Your objective
Each record, in full, must be restated word for word.

(Supplied records Opens)

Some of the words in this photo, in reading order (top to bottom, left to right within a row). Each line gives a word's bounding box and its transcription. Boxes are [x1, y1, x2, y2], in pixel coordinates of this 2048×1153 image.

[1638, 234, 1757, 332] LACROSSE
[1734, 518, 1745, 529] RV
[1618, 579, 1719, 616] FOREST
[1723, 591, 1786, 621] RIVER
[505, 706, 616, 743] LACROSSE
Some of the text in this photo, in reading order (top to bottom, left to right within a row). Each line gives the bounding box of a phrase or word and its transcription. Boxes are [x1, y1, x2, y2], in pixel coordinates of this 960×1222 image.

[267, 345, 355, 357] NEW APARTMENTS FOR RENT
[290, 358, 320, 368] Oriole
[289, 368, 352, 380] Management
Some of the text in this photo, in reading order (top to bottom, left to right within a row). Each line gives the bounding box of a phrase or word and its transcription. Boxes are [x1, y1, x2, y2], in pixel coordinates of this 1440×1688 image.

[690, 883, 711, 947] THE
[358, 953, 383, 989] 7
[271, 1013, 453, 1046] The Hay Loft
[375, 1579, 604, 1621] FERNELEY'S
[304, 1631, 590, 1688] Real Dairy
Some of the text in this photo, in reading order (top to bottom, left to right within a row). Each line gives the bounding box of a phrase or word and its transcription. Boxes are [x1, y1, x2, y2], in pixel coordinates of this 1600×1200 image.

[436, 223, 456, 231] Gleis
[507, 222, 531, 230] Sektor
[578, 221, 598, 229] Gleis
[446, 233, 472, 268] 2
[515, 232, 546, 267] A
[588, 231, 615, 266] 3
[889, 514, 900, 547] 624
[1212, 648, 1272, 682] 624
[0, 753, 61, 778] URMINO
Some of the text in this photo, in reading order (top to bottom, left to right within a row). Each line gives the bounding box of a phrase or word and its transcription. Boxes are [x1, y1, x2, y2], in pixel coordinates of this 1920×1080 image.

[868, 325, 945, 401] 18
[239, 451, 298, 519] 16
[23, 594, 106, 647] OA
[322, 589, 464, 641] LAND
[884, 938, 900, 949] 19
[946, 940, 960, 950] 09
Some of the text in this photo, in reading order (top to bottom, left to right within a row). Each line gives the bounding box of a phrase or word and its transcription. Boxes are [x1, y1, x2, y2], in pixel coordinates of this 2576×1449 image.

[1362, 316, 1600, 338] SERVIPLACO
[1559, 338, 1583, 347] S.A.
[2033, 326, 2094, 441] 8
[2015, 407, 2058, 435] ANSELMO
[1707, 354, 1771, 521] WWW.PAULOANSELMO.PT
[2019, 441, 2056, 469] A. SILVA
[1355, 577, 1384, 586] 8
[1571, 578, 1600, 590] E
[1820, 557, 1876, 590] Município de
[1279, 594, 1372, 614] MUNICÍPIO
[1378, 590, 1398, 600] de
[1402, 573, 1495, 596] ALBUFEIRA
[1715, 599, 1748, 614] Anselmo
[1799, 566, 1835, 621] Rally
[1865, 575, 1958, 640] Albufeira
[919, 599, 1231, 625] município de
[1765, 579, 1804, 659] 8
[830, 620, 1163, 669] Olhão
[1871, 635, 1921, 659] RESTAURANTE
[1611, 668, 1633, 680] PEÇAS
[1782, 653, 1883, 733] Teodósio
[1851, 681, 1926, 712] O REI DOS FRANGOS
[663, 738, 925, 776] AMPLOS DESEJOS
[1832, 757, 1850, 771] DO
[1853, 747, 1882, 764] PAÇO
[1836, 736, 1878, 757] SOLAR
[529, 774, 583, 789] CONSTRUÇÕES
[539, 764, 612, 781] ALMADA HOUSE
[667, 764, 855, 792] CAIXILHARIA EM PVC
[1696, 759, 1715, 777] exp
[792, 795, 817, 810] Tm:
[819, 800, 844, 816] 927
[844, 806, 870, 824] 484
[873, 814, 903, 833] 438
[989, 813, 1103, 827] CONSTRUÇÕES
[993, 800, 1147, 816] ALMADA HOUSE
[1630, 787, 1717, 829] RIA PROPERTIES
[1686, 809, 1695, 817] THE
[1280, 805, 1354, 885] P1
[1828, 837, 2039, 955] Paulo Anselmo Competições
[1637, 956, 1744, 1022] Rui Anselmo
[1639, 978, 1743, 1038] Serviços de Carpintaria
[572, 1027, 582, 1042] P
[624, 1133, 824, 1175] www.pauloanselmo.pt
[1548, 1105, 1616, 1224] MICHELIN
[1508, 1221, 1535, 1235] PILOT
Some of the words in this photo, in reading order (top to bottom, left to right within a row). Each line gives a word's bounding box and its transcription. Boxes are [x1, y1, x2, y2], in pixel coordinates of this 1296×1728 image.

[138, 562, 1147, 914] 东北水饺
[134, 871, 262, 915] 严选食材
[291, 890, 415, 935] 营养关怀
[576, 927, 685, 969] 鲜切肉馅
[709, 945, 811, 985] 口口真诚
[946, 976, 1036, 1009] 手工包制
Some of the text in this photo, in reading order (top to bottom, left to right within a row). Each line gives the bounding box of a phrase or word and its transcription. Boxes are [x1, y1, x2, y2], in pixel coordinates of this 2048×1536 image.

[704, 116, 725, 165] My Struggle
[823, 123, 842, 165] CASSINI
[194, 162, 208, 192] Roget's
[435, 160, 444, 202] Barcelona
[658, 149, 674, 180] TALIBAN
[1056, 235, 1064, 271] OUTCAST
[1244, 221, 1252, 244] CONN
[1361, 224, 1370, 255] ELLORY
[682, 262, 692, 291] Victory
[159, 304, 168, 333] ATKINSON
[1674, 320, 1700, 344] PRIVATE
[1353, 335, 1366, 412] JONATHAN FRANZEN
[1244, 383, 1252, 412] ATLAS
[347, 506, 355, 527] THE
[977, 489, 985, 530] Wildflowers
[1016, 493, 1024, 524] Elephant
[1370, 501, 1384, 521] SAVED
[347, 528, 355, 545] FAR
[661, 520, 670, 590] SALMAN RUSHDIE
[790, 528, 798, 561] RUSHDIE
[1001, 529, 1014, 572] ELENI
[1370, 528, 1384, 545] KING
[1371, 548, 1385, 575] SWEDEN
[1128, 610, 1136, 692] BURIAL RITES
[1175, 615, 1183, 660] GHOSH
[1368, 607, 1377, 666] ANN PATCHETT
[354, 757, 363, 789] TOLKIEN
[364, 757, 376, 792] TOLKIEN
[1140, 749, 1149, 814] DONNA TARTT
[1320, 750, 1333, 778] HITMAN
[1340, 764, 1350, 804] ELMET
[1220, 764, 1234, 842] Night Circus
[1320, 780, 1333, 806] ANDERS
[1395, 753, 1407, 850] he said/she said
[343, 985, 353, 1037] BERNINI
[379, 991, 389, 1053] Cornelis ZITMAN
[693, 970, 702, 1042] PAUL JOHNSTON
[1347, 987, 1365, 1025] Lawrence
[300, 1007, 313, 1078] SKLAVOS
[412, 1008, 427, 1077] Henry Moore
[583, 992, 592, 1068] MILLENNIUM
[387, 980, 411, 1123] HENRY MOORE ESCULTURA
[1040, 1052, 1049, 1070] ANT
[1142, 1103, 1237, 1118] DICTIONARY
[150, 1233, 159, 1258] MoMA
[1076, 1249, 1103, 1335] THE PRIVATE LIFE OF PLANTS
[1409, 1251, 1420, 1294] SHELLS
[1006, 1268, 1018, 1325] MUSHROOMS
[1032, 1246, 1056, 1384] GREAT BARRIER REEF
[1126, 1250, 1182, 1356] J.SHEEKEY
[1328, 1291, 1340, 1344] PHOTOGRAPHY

(Supplied records Closes)

Exercise result
Some of the words in this photo, in reading order (top to bottom, left to right within a row). Each line gives a word's bounding box and its transcription. Boxes are [x1, y1, x2, y2], in pixel coordinates of this 2048×1153 image.

[1638, 234, 1757, 332] LACROSSE
[1734, 518, 1745, 529] RV
[1618, 579, 1719, 616] FOREST
[1723, 591, 1786, 621] RIVER
[505, 706, 616, 743] LACROSSE
Some of the text in this photo, in reading order (top to bottom, left to right within a row). Each line gives the bounding box of a phrase or word and its transcription. Boxes are [x1, y1, x2, y2], in pixel coordinates of this 960×1222 image.

[267, 345, 355, 357] NEW APARTMENTS FOR RENT
[290, 358, 320, 368] Oriole
[289, 368, 352, 380] Management
Some of the text in this photo, in reading order (top to bottom, left to right within a row). Each line gives the bounding box of a phrase or word and its transcription. Boxes are [x1, y1, x2, y2], in pixel coordinates of this 1440×1688 image.

[690, 883, 711, 947] THE
[358, 953, 383, 989] 7
[271, 1013, 453, 1046] The Hay Loft
[375, 1579, 604, 1621] FERNELEY'S
[304, 1631, 590, 1688] Real Dairy
Some of the text in this photo, in reading order (top to bottom, left to right within a row). Each line gives the bounding box of a phrase or word and its transcription. Boxes are [x1, y1, x2, y2], in pixel coordinates of this 1600×1200 image.

[436, 223, 456, 231] Gleis
[507, 222, 531, 230] Sektor
[578, 221, 598, 229] Gleis
[446, 233, 472, 268] 2
[515, 232, 546, 267] A
[588, 231, 615, 266] 3
[889, 514, 900, 547] 624
[1212, 648, 1272, 682] 624
[0, 753, 61, 778] URMINO
Some of the text in this photo, in reading order (top to bottom, left to right within a row). Each line gives the bounding box of a phrase or word and its transcription. Boxes are [x1, y1, x2, y2], in pixel coordinates of this 1920×1080 image.

[868, 325, 945, 401] 18
[239, 451, 298, 519] 16
[23, 594, 106, 647] OA
[322, 589, 464, 641] LAND
[884, 938, 900, 949] 19
[946, 940, 960, 950] 09
Some of the text in this photo, in reading order (top to bottom, left to right within a row). Each line gives the bounding box of a phrase or word and its transcription. Boxes are [x1, y1, x2, y2], in pixel coordinates of this 2576×1449 image.

[1362, 316, 1600, 338] SERVIPLACO
[1559, 338, 1583, 347] S.A.
[2033, 326, 2094, 441] 8
[2015, 407, 2058, 435] ANSELMO
[1707, 354, 1771, 521] WWW.PAULOANSELMO.PT
[2019, 441, 2056, 469] A. SILVA
[1355, 577, 1384, 586] 8
[1571, 578, 1600, 590] E
[1820, 557, 1876, 590] Município de
[1279, 594, 1372, 614] MUNICÍPIO
[1378, 590, 1398, 600] de
[1402, 573, 1495, 596] ALBUFEIRA
[1715, 599, 1748, 614] Anselmo
[1799, 566, 1835, 621] Rally
[1865, 575, 1958, 640] Albufeira
[919, 599, 1231, 625] município de
[1765, 579, 1804, 659] 8
[830, 620, 1163, 669] Olhão
[1871, 635, 1921, 659] RESTAURANTE
[1611, 668, 1633, 680] PEÇAS
[1782, 653, 1883, 733] Teodósio
[1851, 681, 1926, 712] O REI DOS FRANGOS
[663, 738, 925, 776] AMPLOS DESEJOS
[1832, 757, 1850, 771] DO
[1853, 747, 1882, 764] PAÇO
[1836, 736, 1878, 757] SOLAR
[529, 774, 583, 789] CONSTRUÇÕES
[539, 764, 612, 781] ALMADA HOUSE
[667, 764, 855, 792] CAIXILHARIA EM PVC
[1696, 759, 1715, 777] exp
[792, 795, 817, 810] Tm:
[819, 800, 844, 816] 927
[844, 806, 870, 824] 484
[873, 814, 903, 833] 438
[989, 813, 1103, 827] CONSTRUÇÕES
[993, 800, 1147, 816] ALMADA HOUSE
[1630, 787, 1717, 829] RIA PROPERTIES
[1686, 809, 1695, 817] THE
[1280, 805, 1354, 885] P1
[1828, 837, 2039, 955] Paulo Anselmo Competições
[1637, 956, 1744, 1022] Rui Anselmo
[1639, 978, 1743, 1038] Serviços de Carpintaria
[572, 1027, 582, 1042] P
[624, 1133, 824, 1175] www.pauloanselmo.pt
[1548, 1105, 1616, 1224] MICHELIN
[1508, 1221, 1535, 1235] PILOT
Some of the words in this photo, in reading order (top to bottom, left to right within a row). Each line gives a word's bounding box and its transcription. Boxes are [x1, y1, x2, y2], in pixel coordinates of this 1296×1728 image.

[138, 562, 1147, 914] 东北水饺
[134, 871, 262, 915] 严选食材
[291, 890, 415, 935] 营养关怀
[576, 927, 685, 969] 鲜切肉馅
[709, 945, 811, 985] 口口真诚
[946, 976, 1036, 1009] 手工包制
Some of the text in this photo, in reading order (top to bottom, left to right within a row). Each line gives the bounding box of a phrase or word and its transcription. Boxes are [x1, y1, x2, y2], in pixel coordinates of this 2048×1536 image.

[704, 116, 725, 165] My Struggle
[823, 123, 842, 165] CASSINI
[194, 162, 208, 192] Roget's
[435, 160, 444, 202] Barcelona
[658, 149, 674, 180] TALIBAN
[1056, 235, 1064, 271] OUTCAST
[1244, 221, 1252, 244] CONN
[1361, 224, 1370, 255] ELLORY
[682, 262, 692, 291] Victory
[159, 304, 168, 333] ATKINSON
[1674, 320, 1700, 344] PRIVATE
[1353, 335, 1366, 412] JONATHAN FRANZEN
[1244, 383, 1252, 412] ATLAS
[347, 506, 355, 527] THE
[977, 489, 985, 530] Wildflowers
[1016, 493, 1024, 524] Elephant
[1370, 501, 1384, 521] SAVED
[347, 528, 355, 545] FAR
[661, 520, 670, 590] SALMAN RUSHDIE
[790, 528, 798, 561] RUSHDIE
[1001, 529, 1014, 572] ELENI
[1370, 528, 1384, 545] KING
[1371, 548, 1385, 575] SWEDEN
[1128, 610, 1136, 692] BURIAL RITES
[1175, 615, 1183, 660] GHOSH
[1368, 607, 1377, 666] ANN PATCHETT
[354, 757, 363, 789] TOLKIEN
[364, 757, 376, 792] TOLKIEN
[1140, 749, 1149, 814] DONNA TARTT
[1320, 750, 1333, 778] HITMAN
[1340, 764, 1350, 804] ELMET
[1220, 764, 1234, 842] Night Circus
[1320, 780, 1333, 806] ANDERS
[1395, 753, 1407, 850] he said/she said
[343, 985, 353, 1037] BERNINI
[379, 991, 389, 1053] Cornelis ZITMAN
[693, 970, 702, 1042] PAUL JOHNSTON
[1347, 987, 1365, 1025] Lawrence
[300, 1007, 313, 1078] SKLAVOS
[412, 1008, 427, 1077] Henry Moore
[583, 992, 592, 1068] MILLENNIUM
[387, 980, 411, 1123] HENRY MOORE ESCULTURA
[1040, 1052, 1049, 1070] ANT
[1142, 1103, 1237, 1118] DICTIONARY
[150, 1233, 159, 1258] MoMA
[1076, 1249, 1103, 1335] THE PRIVATE LIFE OF PLANTS
[1409, 1251, 1420, 1294] SHELLS
[1006, 1268, 1018, 1325] MUSHROOMS
[1032, 1246, 1056, 1384] GREAT BARRIER REEF
[1126, 1250, 1182, 1356] J.SHEEKEY
[1328, 1291, 1340, 1344] PHOTOGRAPHY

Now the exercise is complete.